▶ **INSTRUCTIONS TO FOLLOW**
The reply is a verbatim copy of the listing below with its images dropped.

▶ **TASK INPUTS**
==========
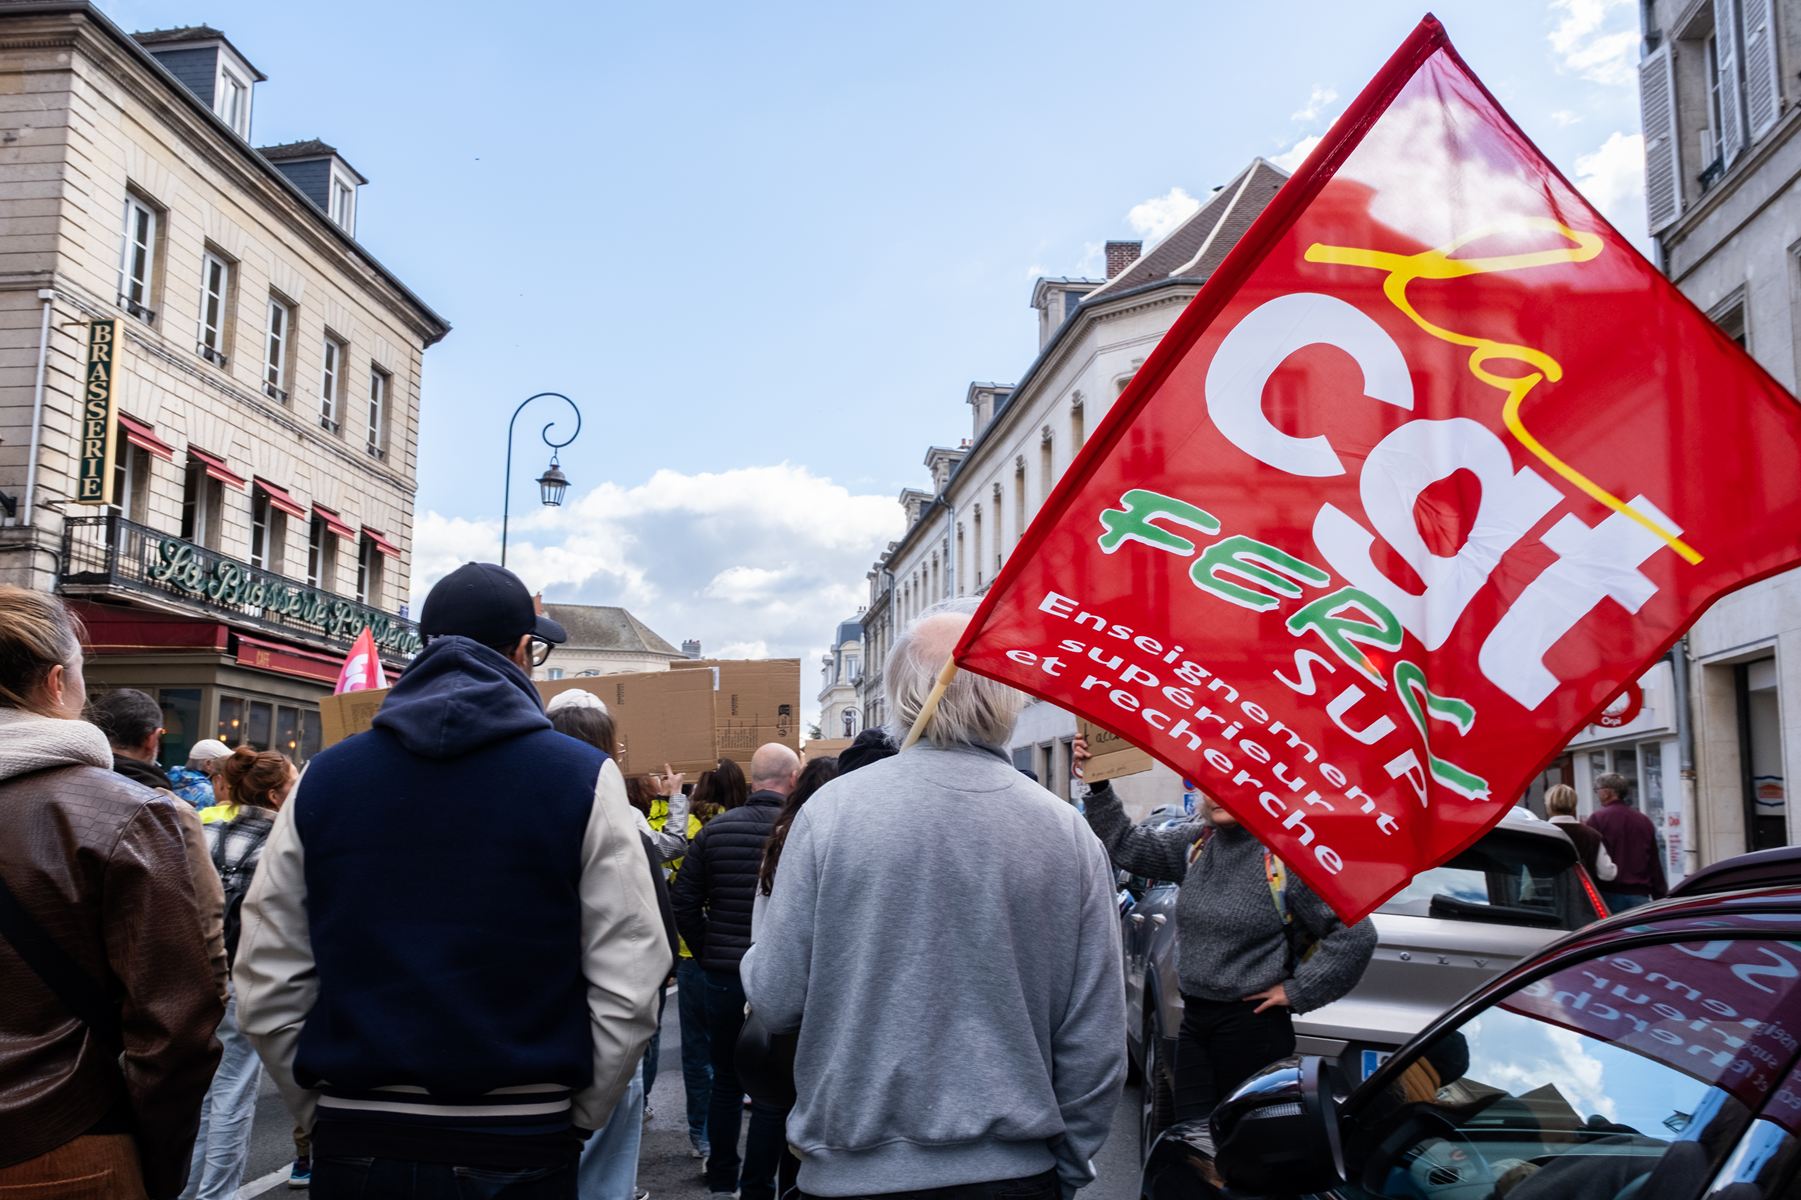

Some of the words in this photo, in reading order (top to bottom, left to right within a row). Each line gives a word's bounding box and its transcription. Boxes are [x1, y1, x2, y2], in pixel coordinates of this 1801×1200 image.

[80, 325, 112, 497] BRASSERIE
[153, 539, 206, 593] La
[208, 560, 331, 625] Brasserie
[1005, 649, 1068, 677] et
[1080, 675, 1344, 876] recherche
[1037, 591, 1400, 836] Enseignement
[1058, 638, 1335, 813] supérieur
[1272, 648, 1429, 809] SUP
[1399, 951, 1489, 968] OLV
==========
▶ **WRITTEN REPLY**
Some of the words in this photo, in reading order (top to bottom, left to right within a row). Each line gives a word's bounding box and its transcription. Boxes are [x1, y1, x2, y2], in pixel coordinates of this 1801×1200 image.

[80, 325, 112, 497] BRASSERIE
[153, 539, 206, 593] La
[208, 560, 331, 625] Brasserie
[1005, 649, 1068, 677] et
[1080, 675, 1344, 876] recherche
[1037, 591, 1400, 836] Enseignement
[1058, 638, 1335, 813] supérieur
[1272, 648, 1429, 809] SUP
[1399, 951, 1489, 968] OLV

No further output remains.